BMI: body mass index; AST: aspartate aminotransferase; ALT: alanine aminotransferase; TBIL, total bilirubin; PT: prothrombin time; WBC: white blood cell; NLR: neutrophil-to-lymphocyte ratio; MELD: Model for Endstage Liver Disease score.

a

Data are continuous variables, reported as mean ± standard deviation (SD) or median (interquartile range, IQR), and were compared using the two-sample t-test or nonparametric Mann–Whitney test.

b

Data are categorical variables, presented as numbers of patients, with percentages in parentheses, and were compared using the chi-square test or Fisher’s exact test.

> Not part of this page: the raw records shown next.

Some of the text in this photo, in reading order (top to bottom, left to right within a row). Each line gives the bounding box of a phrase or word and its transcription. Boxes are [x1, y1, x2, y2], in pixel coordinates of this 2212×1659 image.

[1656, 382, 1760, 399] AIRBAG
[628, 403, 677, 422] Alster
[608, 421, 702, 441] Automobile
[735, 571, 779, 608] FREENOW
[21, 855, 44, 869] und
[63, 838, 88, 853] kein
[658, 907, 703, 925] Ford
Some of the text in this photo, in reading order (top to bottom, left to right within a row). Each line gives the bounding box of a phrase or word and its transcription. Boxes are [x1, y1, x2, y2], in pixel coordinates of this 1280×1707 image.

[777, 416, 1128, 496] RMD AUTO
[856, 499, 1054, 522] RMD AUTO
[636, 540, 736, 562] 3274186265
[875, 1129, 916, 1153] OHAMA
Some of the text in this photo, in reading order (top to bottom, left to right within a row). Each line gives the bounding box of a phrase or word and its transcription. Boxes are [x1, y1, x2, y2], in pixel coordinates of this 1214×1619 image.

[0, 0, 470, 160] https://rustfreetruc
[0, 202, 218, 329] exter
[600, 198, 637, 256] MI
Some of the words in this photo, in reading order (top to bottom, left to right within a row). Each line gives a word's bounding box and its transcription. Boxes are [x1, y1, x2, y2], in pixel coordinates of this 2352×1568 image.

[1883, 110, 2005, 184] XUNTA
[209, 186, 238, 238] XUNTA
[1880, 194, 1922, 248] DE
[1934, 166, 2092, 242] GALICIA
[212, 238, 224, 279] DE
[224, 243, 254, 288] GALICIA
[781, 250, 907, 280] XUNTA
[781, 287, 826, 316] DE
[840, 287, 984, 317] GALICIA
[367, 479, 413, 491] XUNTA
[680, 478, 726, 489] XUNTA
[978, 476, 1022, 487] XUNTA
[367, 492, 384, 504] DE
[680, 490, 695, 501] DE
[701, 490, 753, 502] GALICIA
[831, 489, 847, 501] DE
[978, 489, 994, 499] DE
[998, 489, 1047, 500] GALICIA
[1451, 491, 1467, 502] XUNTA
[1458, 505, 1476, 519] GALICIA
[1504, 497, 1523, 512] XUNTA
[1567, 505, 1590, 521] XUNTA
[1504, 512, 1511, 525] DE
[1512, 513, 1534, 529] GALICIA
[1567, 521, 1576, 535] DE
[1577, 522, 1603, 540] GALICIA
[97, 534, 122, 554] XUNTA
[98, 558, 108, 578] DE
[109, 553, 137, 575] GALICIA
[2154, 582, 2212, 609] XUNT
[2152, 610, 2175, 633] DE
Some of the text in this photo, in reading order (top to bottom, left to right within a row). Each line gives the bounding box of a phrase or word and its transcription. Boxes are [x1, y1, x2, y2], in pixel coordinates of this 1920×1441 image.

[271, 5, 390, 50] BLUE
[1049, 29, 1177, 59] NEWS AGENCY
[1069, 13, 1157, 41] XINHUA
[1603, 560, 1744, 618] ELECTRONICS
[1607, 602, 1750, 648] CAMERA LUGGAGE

Factors Associated With Early Recurrence of HCC

There was no significant correlation between liver parenchyma stiffness and recurrence (P = 0.699). Univariate analysis showed that tumor size (HR = 2.618, 95% CI: [1.190,5.758], P = 0.017), histological grade (HR = 2.527, 95% CI:[1.093, 5.843], P = 0.03), vascular invasion (HR = 3.695, 95% CI: [1.402, 9.736], P = 0.008), capsule (HR = 3.087, 95% CI: [1.479, 6.442], P = 0.003), and tumor stiffness (HR = 1.203, 95% CI: [1.095, 1.321], P < 0.001) were associated with early recurrence. HCC size, histological grade, vascular invasion, capsule, and stiffness were included in the initial multivariate model to derive the final model. The multivariate Cox proportional hazard model showed that vascular invasion (HR = 2.922; 95% CI: [1.079, 7.914], P = 0.035) and tumor stiffness (HR = 1.163; 95% CI: [1.055, 1.282], P = 0.002) were risk factors associated with early recurrence (Table 2). Each 1-kPa increase in tumor stiffness was associated with a 16.3% increase in the risk for tumor recurrence.

TABLE 2.

Univariate and Multivariate Risk Factors Associated With HCC Recurrence After Hepatectomy

Univariate analysis Multivariate analysis
Variable HR 95% CI P value HR 95% CI P value
Age 0.992 0.958–1.027 0.646
Gender (male) 1.122 0.337–3.733 0.852
AST/ALT 1.417 0.789–2.545 0.243
AST level, IU/L 1.004 0.995–1.012 0.418
AFP, × 103ng/ml 0.998 0.979–1.018 0.867
HBV-DNA, × 105 IU/ml 0.999 0.997–1.001 0.415
BMI, kg/m2 0.963 0.892–1.040 0.335
Number 1.586 0.730–3.447 0.244
Size 2.618 1.190–5.758 0.017
Histological grade 2.527 1.093–5.843 0.030
Vascular invasion 3.695 1.402–9.736 0.008 2.922 1.079–7.914 0.035
Capsule 3.087 1.479–6.442 0.003
Liver parenchyma stiffness, kPa 0.931 0.679–1.276 0.699
Fibrosis stage 0.749 0.360–1.560 0.440
Stiffness (continuous variable) 1.203 1.095–1.321 <0.001 1.163 1.055–1.282 0.002

There were 77 patients with a single HCC who were used for subgroup analysis. Univariate analysis showed that tumor size (HR = 3.131, 95% CI: [1.184, 8.282], P = 0.021), vascular invasion (HR = 4.434, 95% CI: [1.289,15.251], P = 0.018), capsule (HR = 3.713, 95% CI: [1.430,9.640], P = 0.007) and tumor stiffness (HR = 1.196, 95% CI: [1.055, 1.356], P = 0.005) were associated with early recurrence. The variables size, histological grade, vascular invasion, capsule, and stiffness were included in the initial multivariate model to derive the final model. The multivariate Cox proportional hazard model showed that vascular invasion (HR = 3.773; 95% CI: [1.073, 13.264], P = 0.038) and tumor stiffness (HR = 1.150; 95% CI: [1.013, 1.307], P = 0.031) were risk factors associated with early recurrence (Table 3).

TABLE 3.

Univariate and Multivariate Risk Factors Associated With HCC Recurrence After Hepatectomy (72 single HCCs)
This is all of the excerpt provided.